揭秘ChatGPT情感对话能力

2023 年 4 月 9 日 专知

原创作者：赵伟翔，赵妍妍，陆鑫，王世龙，童彦澎，秦兵

转载须标注出处：哈工大SCIR

引言

情感对话技术旨在赋予对话机器人类似人类的情感，使它们具备识别、理解和表达情感的能力，从而为用户提供更为人性化和多样化的回复。让计算机具备“情商”可以说是人工智能领域的更高追求。人工智能之父马文·明斯基（Marvin Minsky）在其著作《情感机器》^[1]中指出：“只具备智力而无情感的人工智能，并非真正的智能。这表明对话机器人不仅需要“智商”，还要具备“情商”。因此，研发具备情感功能的对话机器人成为学术界和产业界共同关注的课题。近年来，产业界的许多对话机器人产品都增加了情感功能，以提高产品的趣味性和人性化，例如微软的小冰、小黄鸡聊天机器人等。情感对话技术成为了提升这些应用产品（如闲聊机器人 ^[2] 、智能客服 ^[3] 、语音助手 ^[4] 等）性能的核心技术。通过在这些产品中加入情感对话技术，可以使得机器人更好地理解用户的需求和情感，从而提供更为贴近用户心理的服务。
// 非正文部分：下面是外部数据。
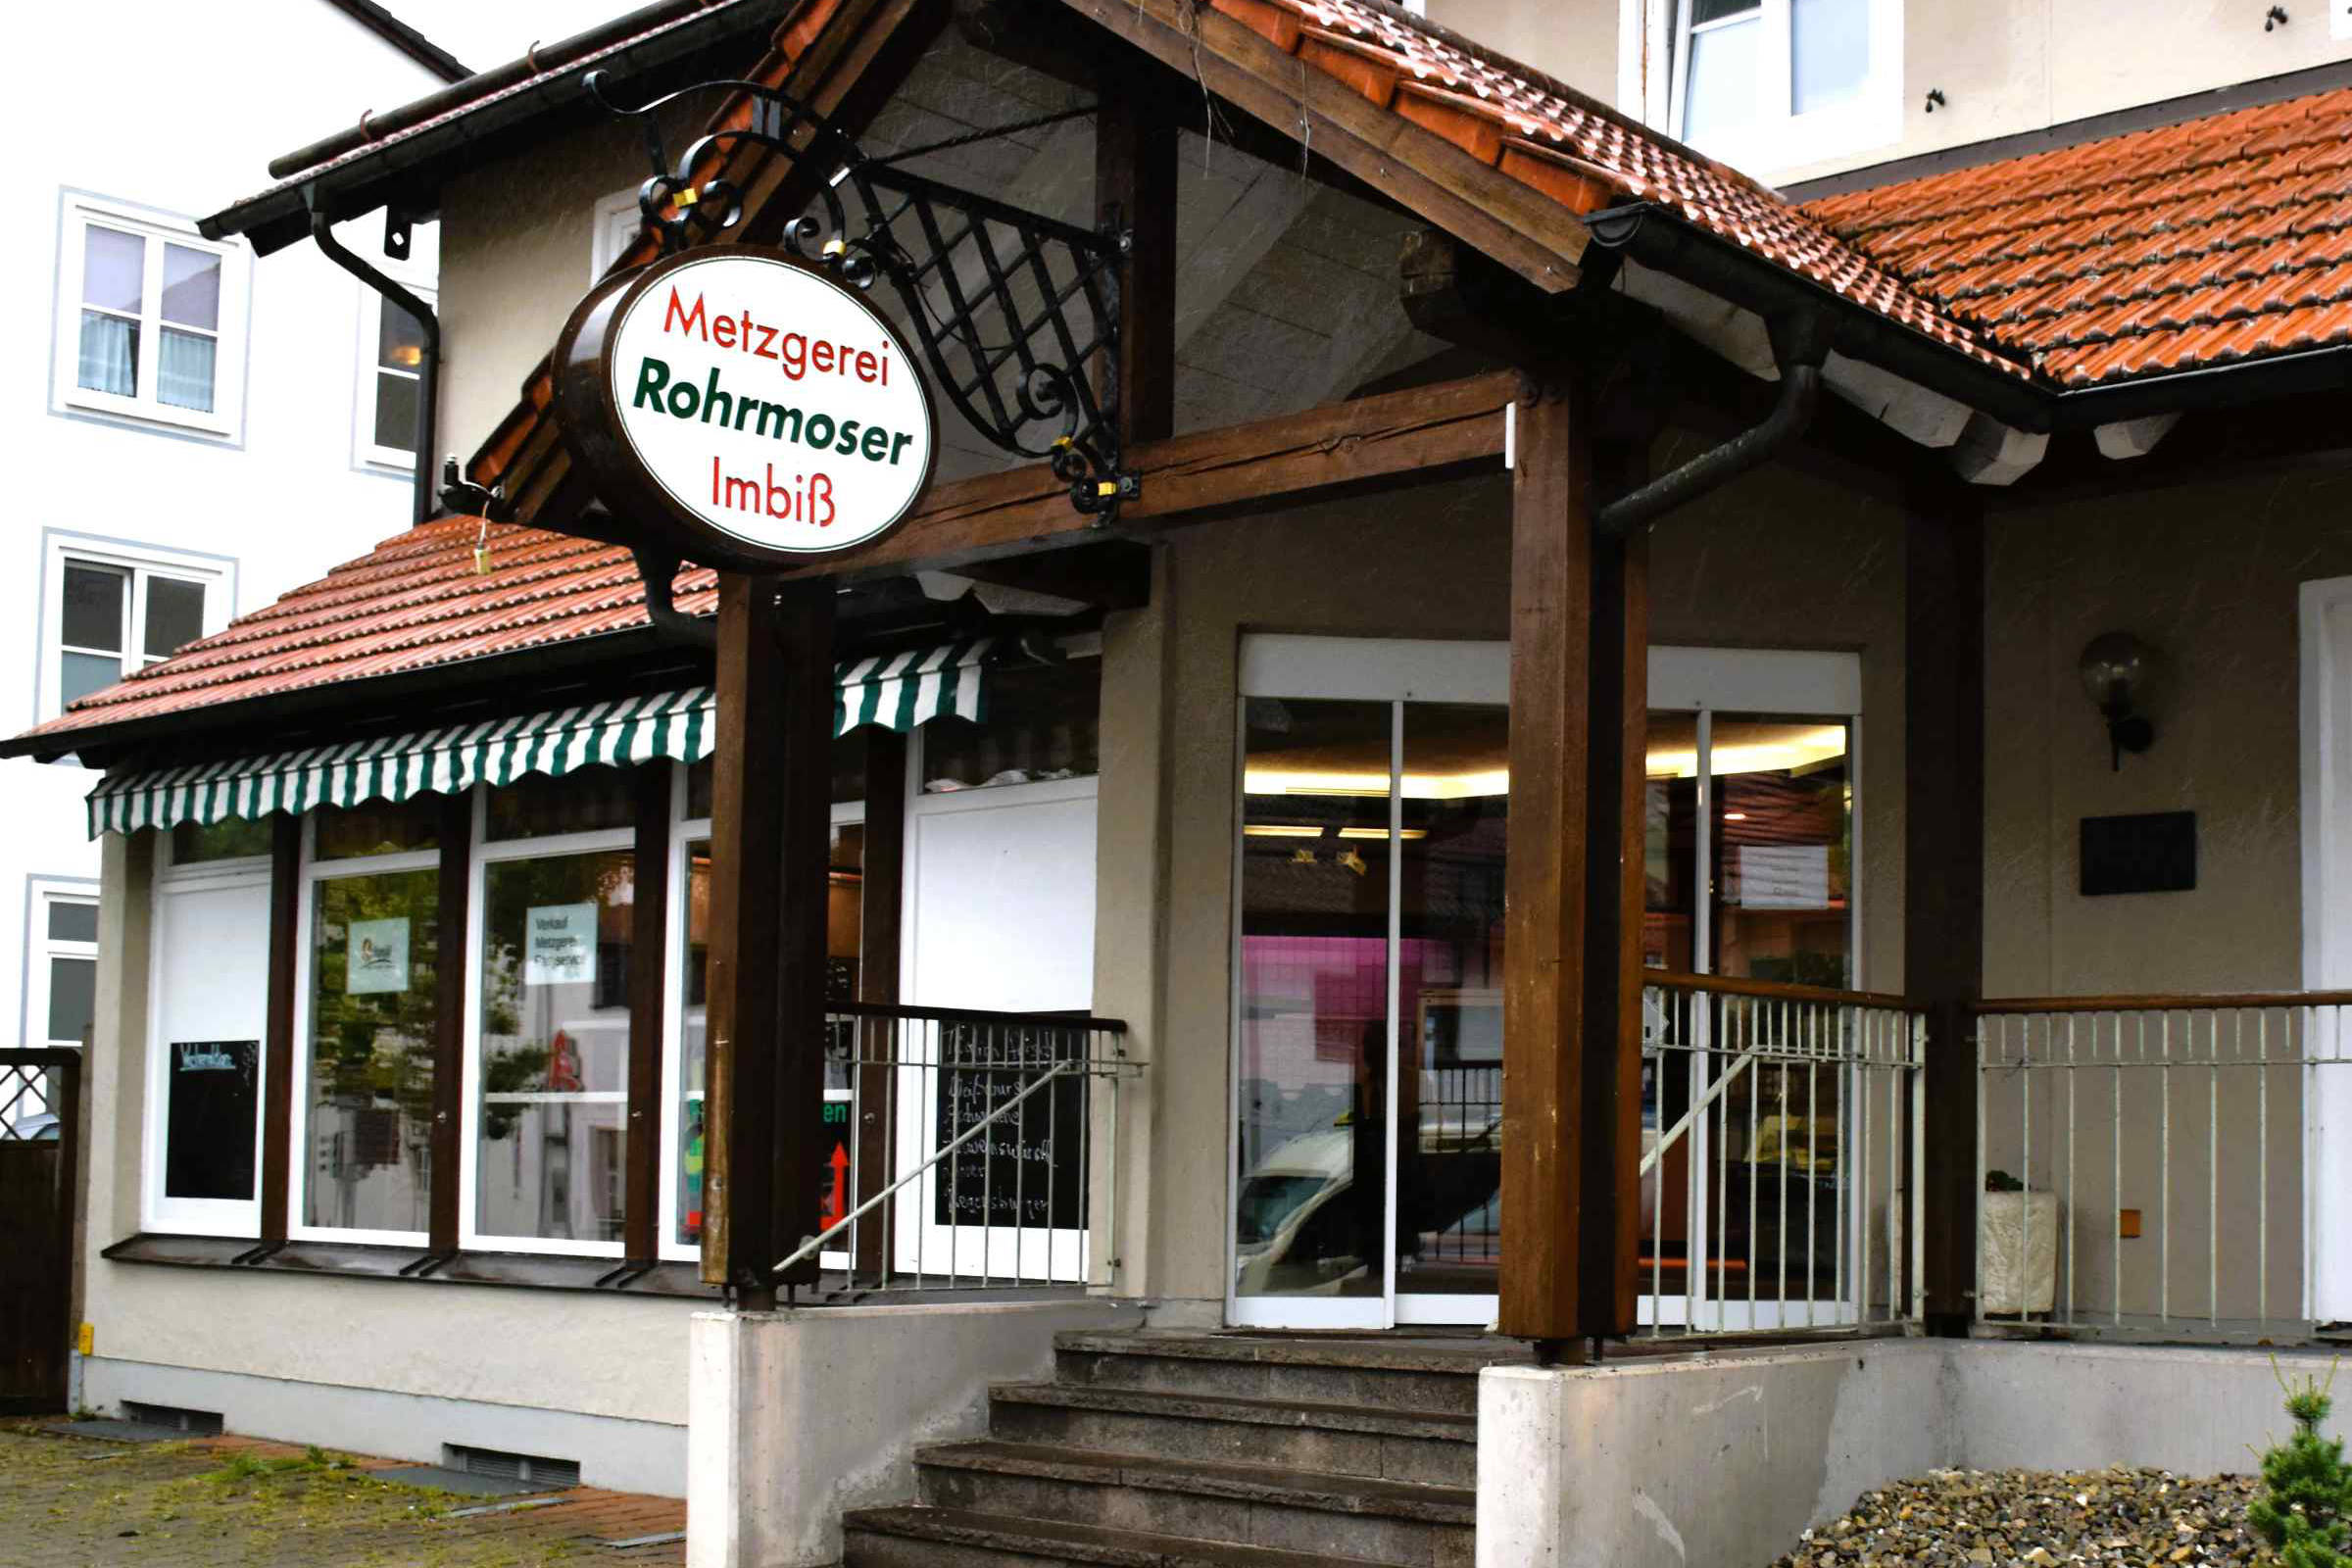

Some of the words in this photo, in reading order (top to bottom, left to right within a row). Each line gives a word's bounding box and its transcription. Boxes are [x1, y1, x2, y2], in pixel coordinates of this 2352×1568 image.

[663, 284, 889, 386] Metzgerei
[632, 356, 913, 466] Rohrmoser
[711, 456, 836, 528] Imbiß
随着ChatGPT ^[5] 的问世，对话机器人领域迎来了革新。作为一款先进的大型语言模型，ChatGPT为对话机器人带来了更为丰富且精确的语义理解和回复生成能力，极大地提升了与人类用户的交互体验。考虑到ChatGPT在基本对话技术方面的重要突破，以及近期研究分析了其在各项传统自然语言处理任务中的表现 ^{[6, 7]} ，我们对ChatGPT在情感对话技术发展方面的影响产生了兴趣。因此，在本文中，我们将探讨ChatGPT在情感对话领域的多个任务上的性能表现，分析其优缺点，并思考情感对话领域未来的研究方向。

任务设置

我们将从情感对话理解和生成能力这两个维度出发，对ChatGPT在其下各个主流任务的性能表现进行比较和分析。

评测方法

对于各个任务上的SOTA模型，我们直接引用了其原论文的实验结果，而ChatGPT的性能测试则全部使用OpenAI开放API的"gpt-3.5-turbo"模型（截止至3.8日的模型版本）。我们测试了ChatGPT在各个任务上零式学习(Zero-shot Learing)和上下文学习(In-context Learning)的表现。

评测详情

对话情绪识别

任务定义

对话情绪识别是一个分类任务，旨在对一段对话中的话语进行情绪分类。任务的输入是一段连续的对话，输出是这段对话中所有话语的情绪，图1给出了一个简单的示例。对话中的话语情绪识别并不简单等同于单个句子的情绪识别，需要综合考虑对话中的背景、上下文、说话人等信息。

对话情绪识别可广泛应用于各种对话场景中，如社交媒体中评论的情感分析、人工客服中客户的情绪分析等。此外，对话情绪识别还可应用于聊天机器人中，实时分析用户的情绪状态，实现基于用户情感驱动的回复生成。

图1. 对话情绪识别示例^[8]

数据集介绍

IEMOCAP ^[9]

南加州大学SAIL实验室收集，由人扮演的双人对话，12小时的多模态视听数据。10个专业演员（5男5女），一共分为5个Session，每个Session分配1男1女。对话分为两部分，一部分是固定的剧本，另一部分是给定主题情景下的自由发挥。151段对话，共7433句。标注了6类情绪：Neutral, Happiness, Sadness, Anger, Frustrated, Excited，非中性情绪占比77%。IEMOCAP是对话情绪识别中常用的数据集之一，质量较高，优点是有多模态信息，缺点是数据规模较小。本次测试仅使用其文本模态数据。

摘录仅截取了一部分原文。